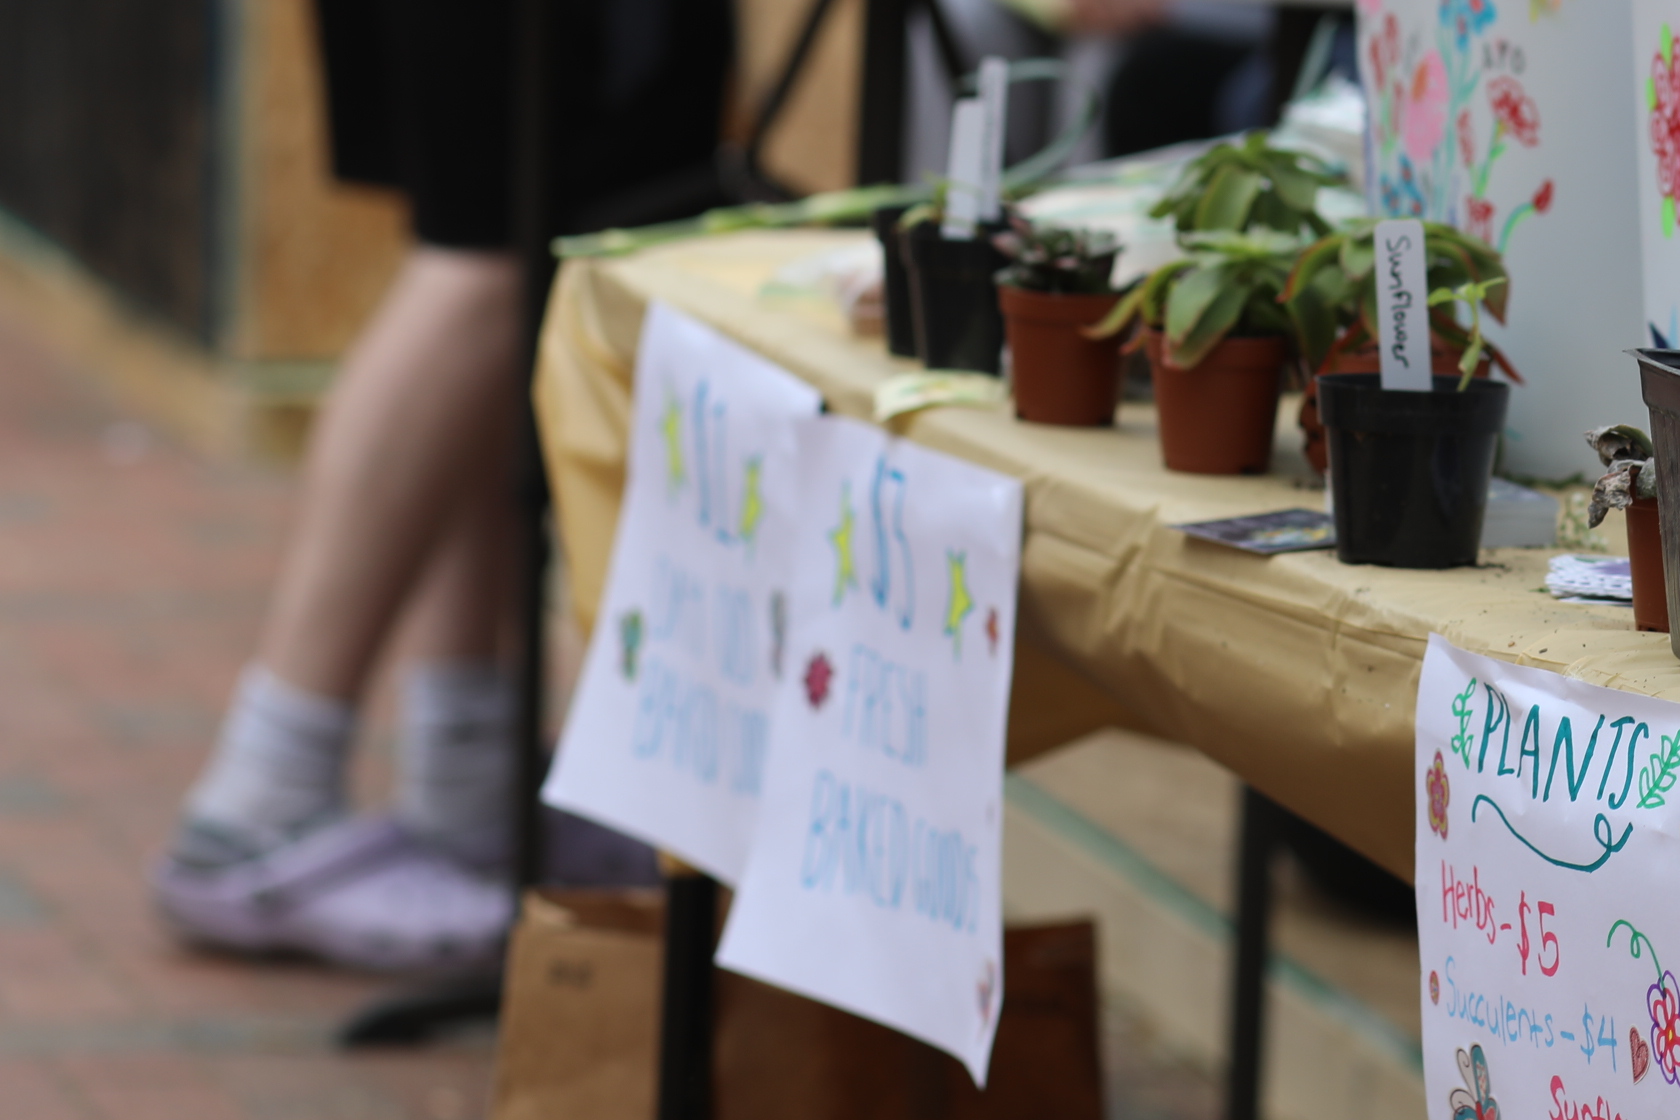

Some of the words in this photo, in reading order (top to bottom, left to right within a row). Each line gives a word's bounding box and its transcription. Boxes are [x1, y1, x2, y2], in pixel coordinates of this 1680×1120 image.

[1386, 235, 1413, 369] Sunflower
[1477, 682, 1650, 809] PLANTS
[800, 768, 909, 910] BAKED
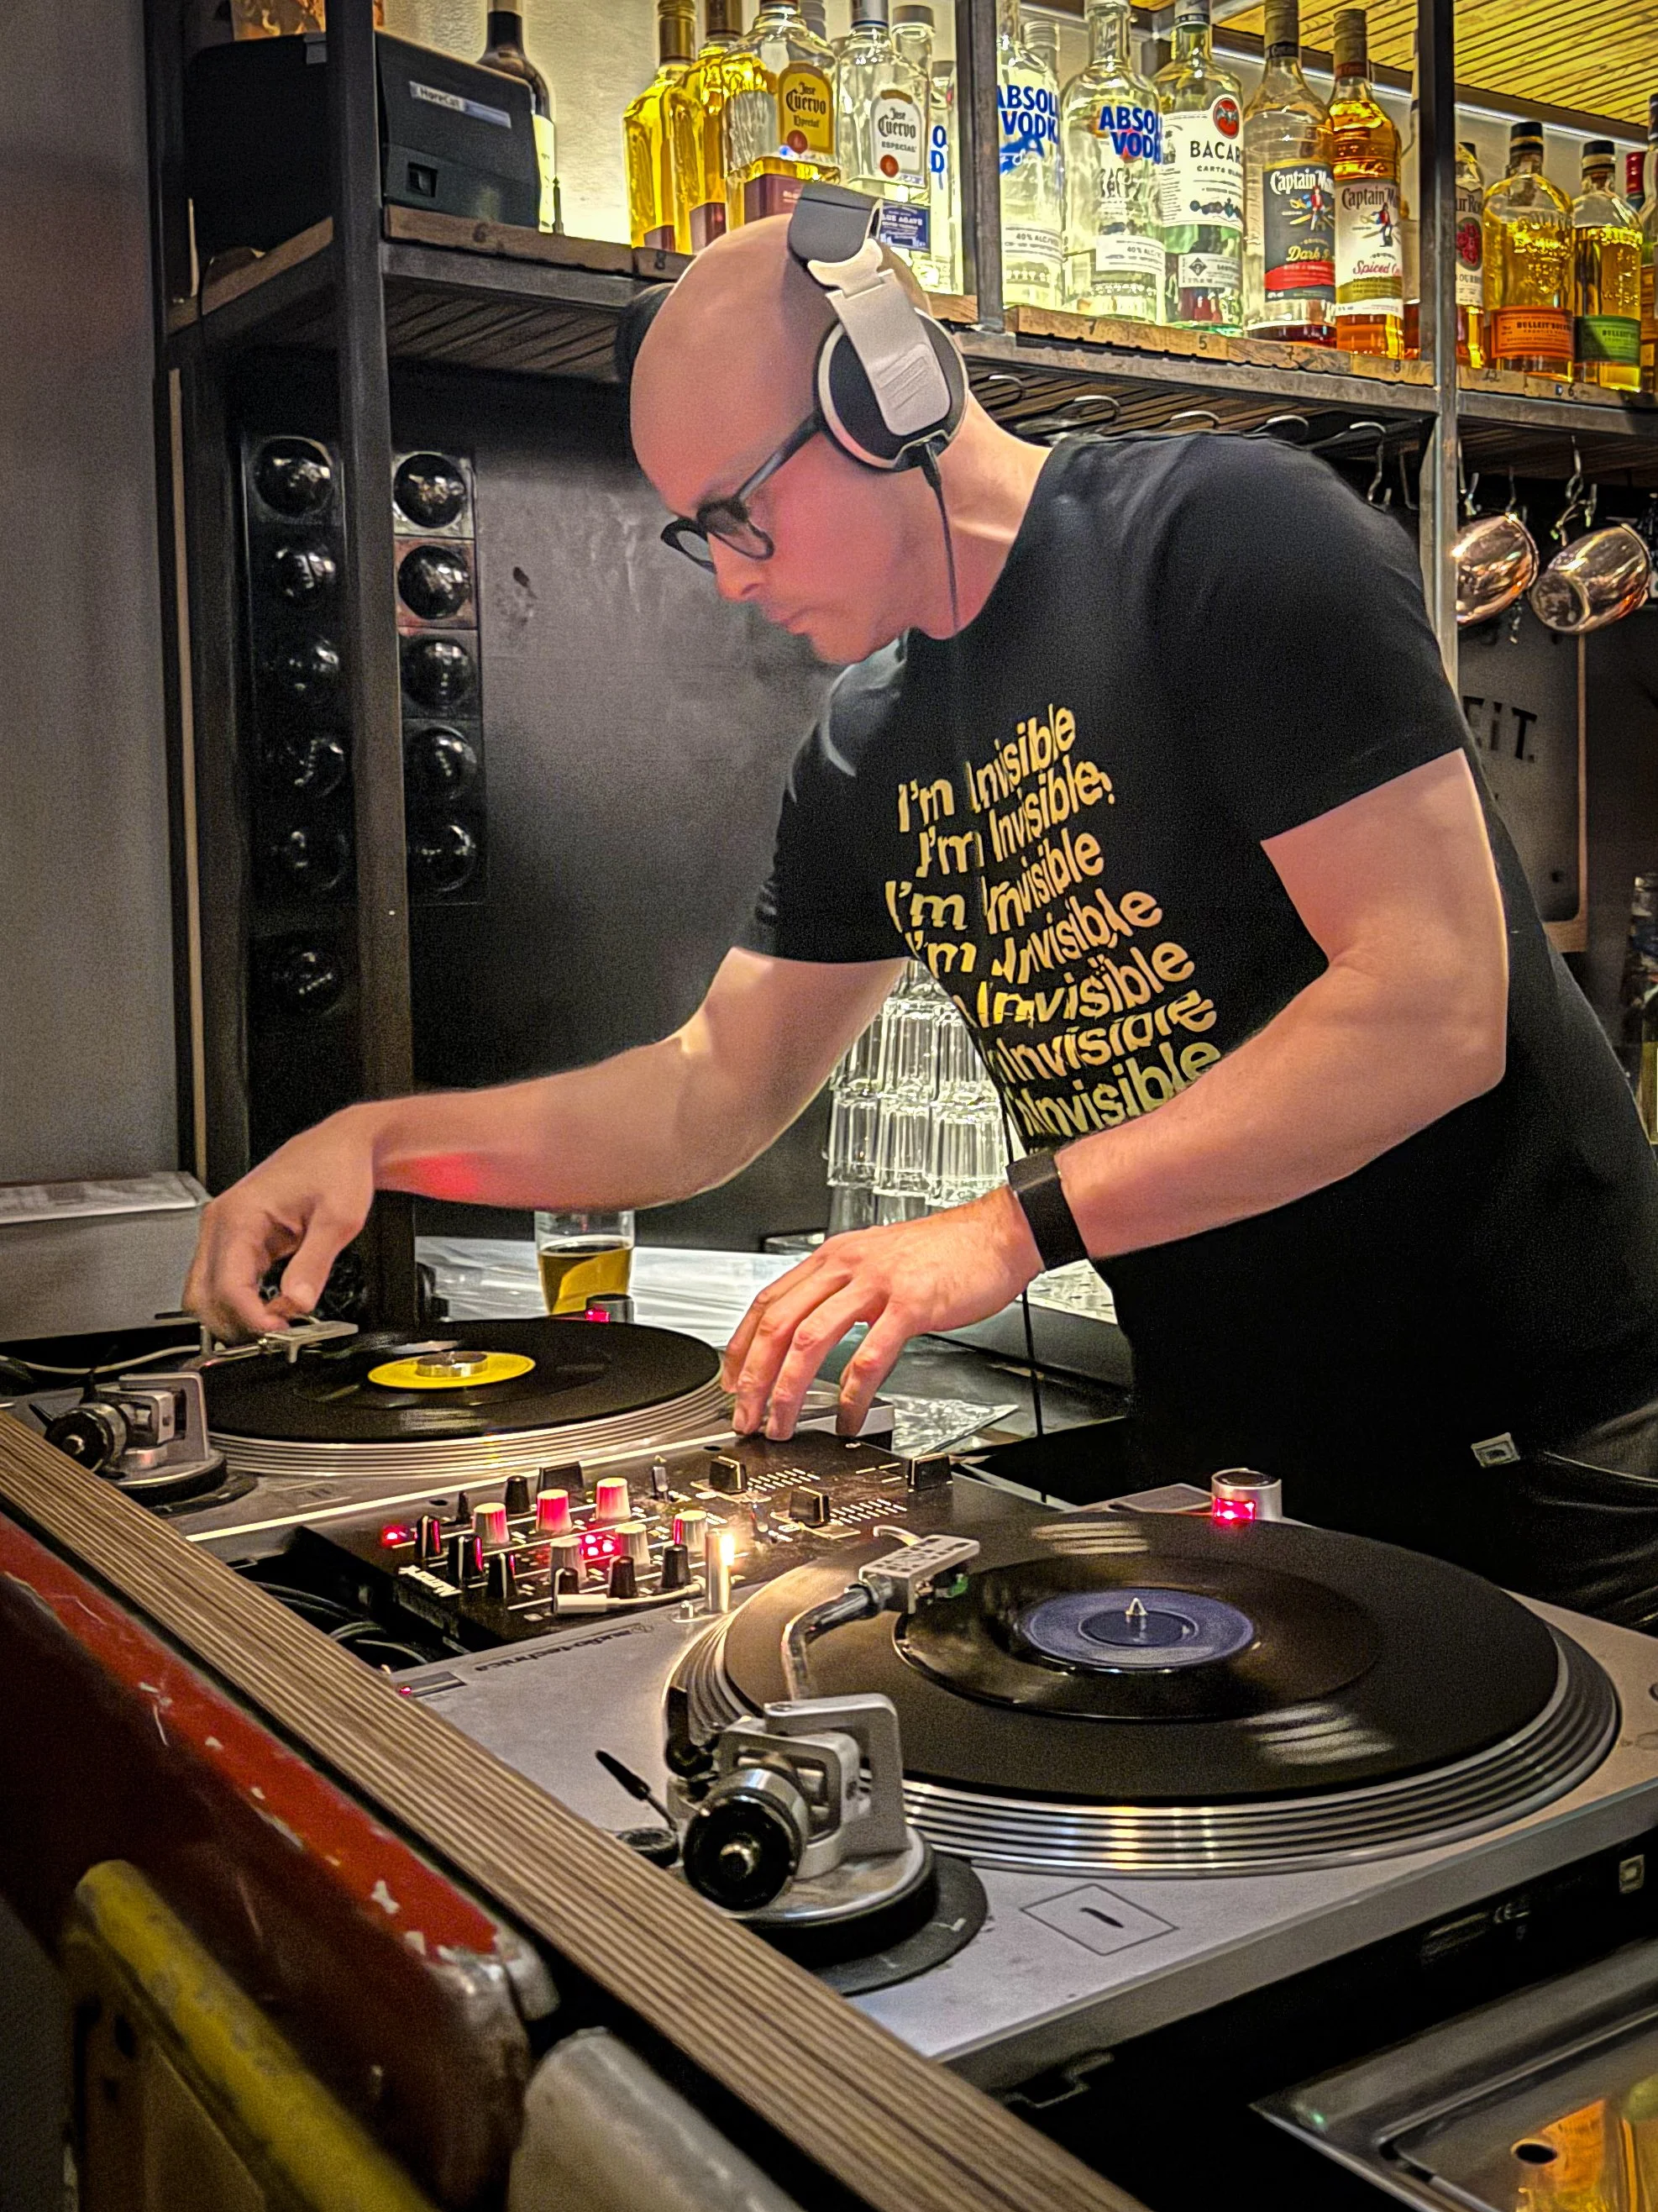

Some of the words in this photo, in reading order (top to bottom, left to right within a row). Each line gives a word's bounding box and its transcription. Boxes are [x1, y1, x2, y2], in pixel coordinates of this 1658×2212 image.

--------------------------------------------------

Problem statement
Exactly as written above, print every line of the data but not its pictures.

Worked solution
Some of the words in this photo, in reading order (top to bottom, left to right within a row). Each line gives a word's bounding box and its transcription. Boxes are [x1, y1, x2, y2], in pixel coordinates of this 1680×1120 image.

[1386, 235, 1413, 369] Sunflower
[1477, 682, 1650, 809] PLANTS
[800, 768, 909, 910] BAKED

Some of the words in this photo, in reading order (top to bottom, left to right within a row). Each line gives a word's bounding box and its transcription. Boxes are [x1, y1, x2, y2], in pixel coordinates of this 1658×2212 image.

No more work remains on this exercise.